Version 2 (modified by 8 years ago) (diff) | ,
---|
Introduction
The build instructions for tap-windows6 are available in it's Git repo. This page contains additional information that is more generic and not really suitable for inclusion in the main documentation.
Codesigning
Getting the Authenticode signatures right so that all Windows versions detect them can be quite tricky. This seems to be particularly true for kernel-mode driver packages. This section contains miscellaneous notes about signing driver packages.
Working with certificates and signatures in Powershell
To install a PFX files to the CurrentUser? certificate store:
Import-PfxCertificate –FilePath <path-to-pfx> cert:\CurrentUser\My -Password (ConvertTo-SecureString -String "mypassword" -Force –AsPlainText)

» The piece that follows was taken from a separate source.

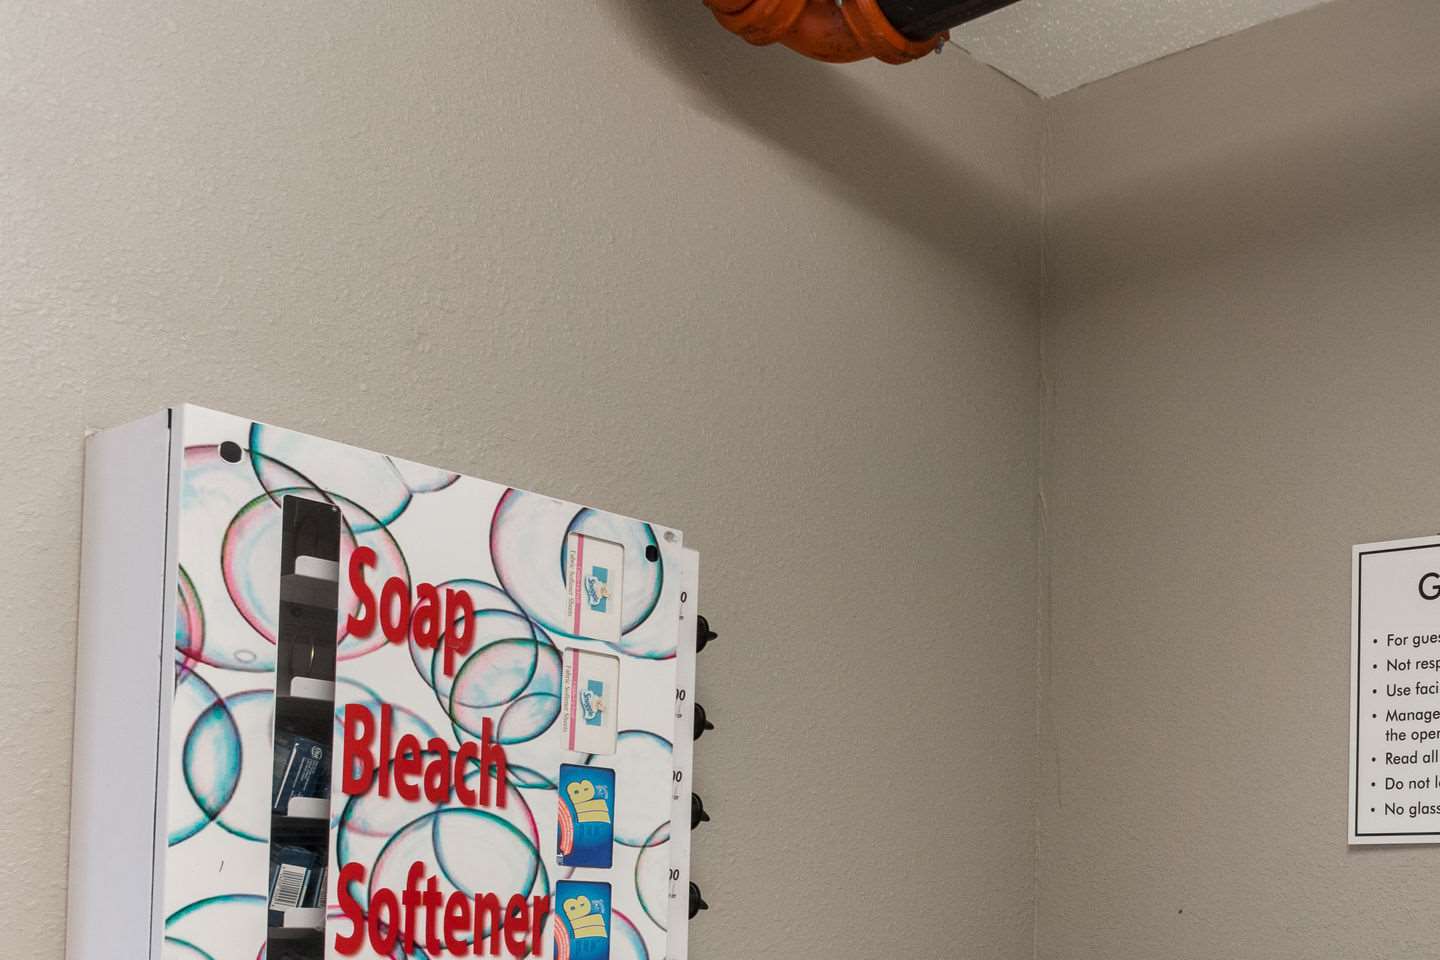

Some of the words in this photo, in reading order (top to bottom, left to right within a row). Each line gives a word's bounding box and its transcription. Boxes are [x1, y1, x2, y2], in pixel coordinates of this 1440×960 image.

To verify the Authenticode signature of a file:
Get-AuthenticodeSignature <path-to-file>
Note that even if the above command says that the file's certificate is valid, there is absolutely no guarantee that various Windows versions will accept it. It is unclear whether the Cmdlet checks the entire certificate path or not: it does hang for long periods of time occasionally doing something.
Using Signtool.exe
Verifying the signature of a driver package using Signtool.exe:
signtool verify /v /kp /c tap0901.cat tap901.sys
This command should produce more useful results than the Get-AuthenticodeSignature? Cmdlet.